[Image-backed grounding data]
* * * * * * * * *

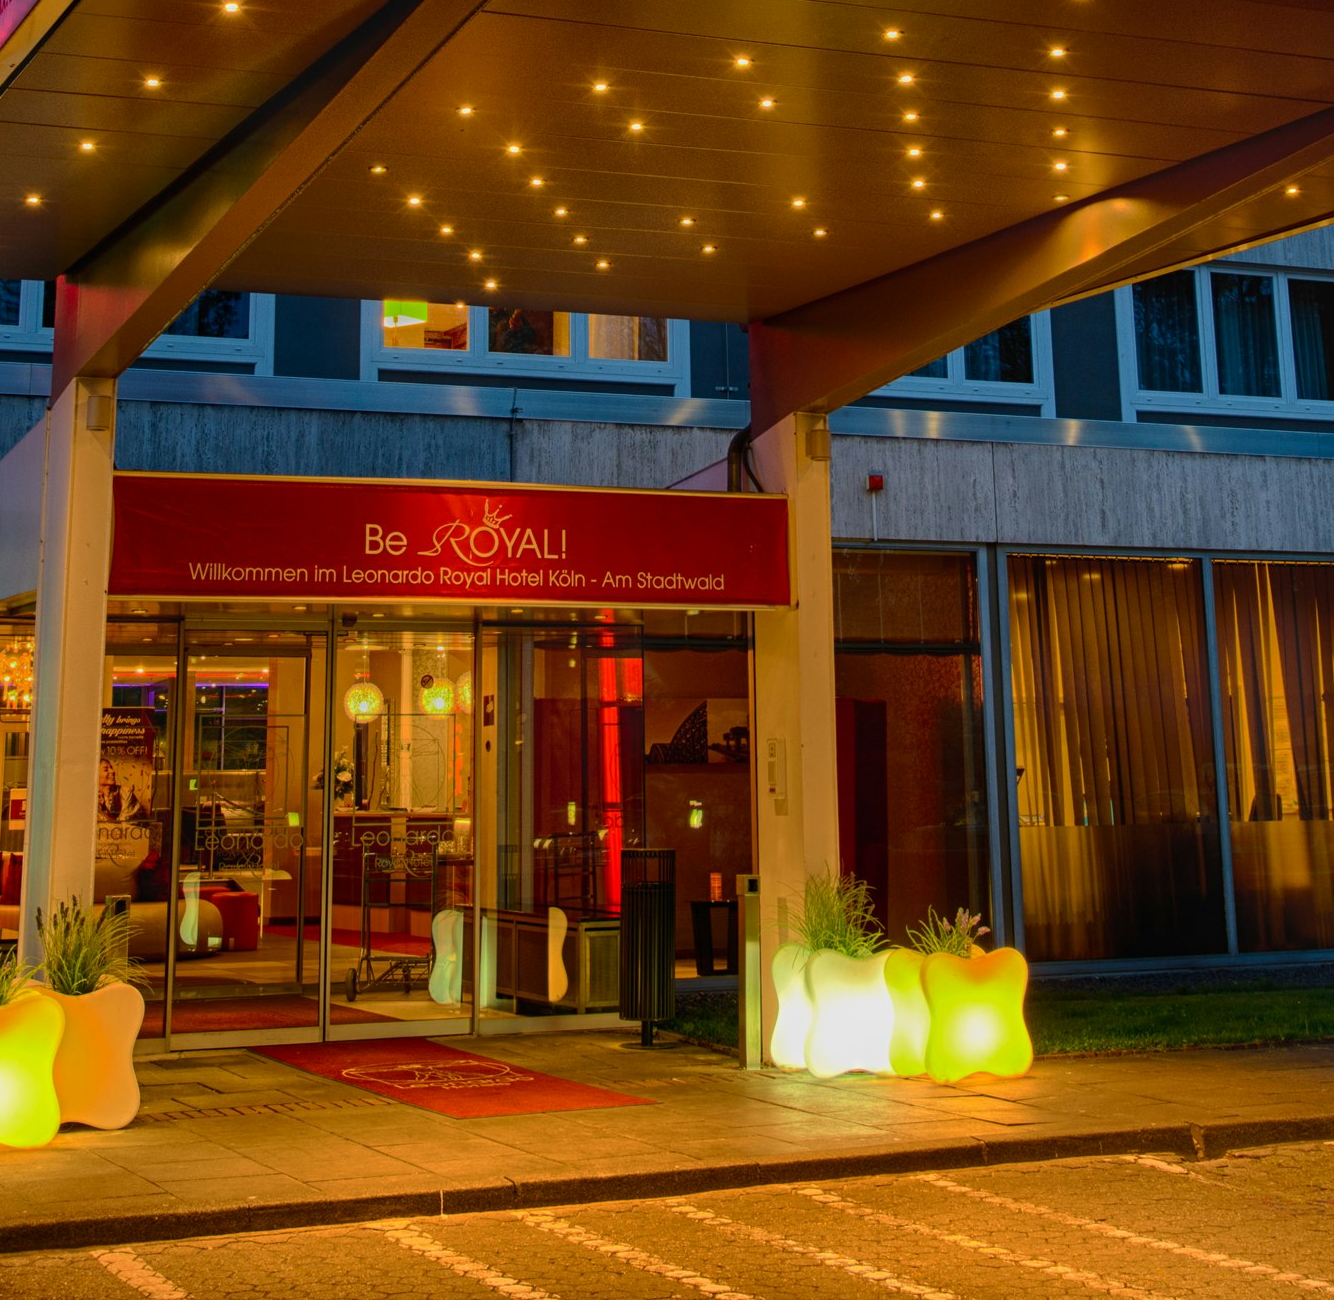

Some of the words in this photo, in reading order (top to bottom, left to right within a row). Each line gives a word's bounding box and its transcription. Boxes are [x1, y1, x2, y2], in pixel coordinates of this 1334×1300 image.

[365, 523, 408, 556] Be
[417, 519, 566, 567] ROYAL!
[188, 562, 308, 582] Willkommen
[314, 565, 336, 583] im
[343, 565, 435, 585] Leonardo
[440, 567, 491, 589] Royal
[496, 568, 544, 587] Hotel
[549, 570, 586, 588] Köln
[601, 571, 632, 589] Am
[637, 571, 725, 590] Stadtwald

* * * * * * * * *

About this exercise. All of the data above should be quoted exactly, except for the pictures.

Answer section.
Some of the words in this photo, in reading order (top to bottom, left to right within a row). Each line gives a word's bounding box and its transcription. Boxes are [x1, y1, x2, y2], in pixel coordinates of this 1334×1300 image.

[365, 523, 408, 556] Be
[417, 519, 566, 567] ROYAL!
[188, 562, 308, 582] Willkommen
[314, 565, 336, 583] im
[343, 565, 435, 585] Leonardo
[440, 567, 491, 589] Royal
[496, 568, 544, 587] Hotel
[549, 570, 586, 588] Köln
[601, 571, 632, 589] Am
[637, 571, 725, 590] Stadtwald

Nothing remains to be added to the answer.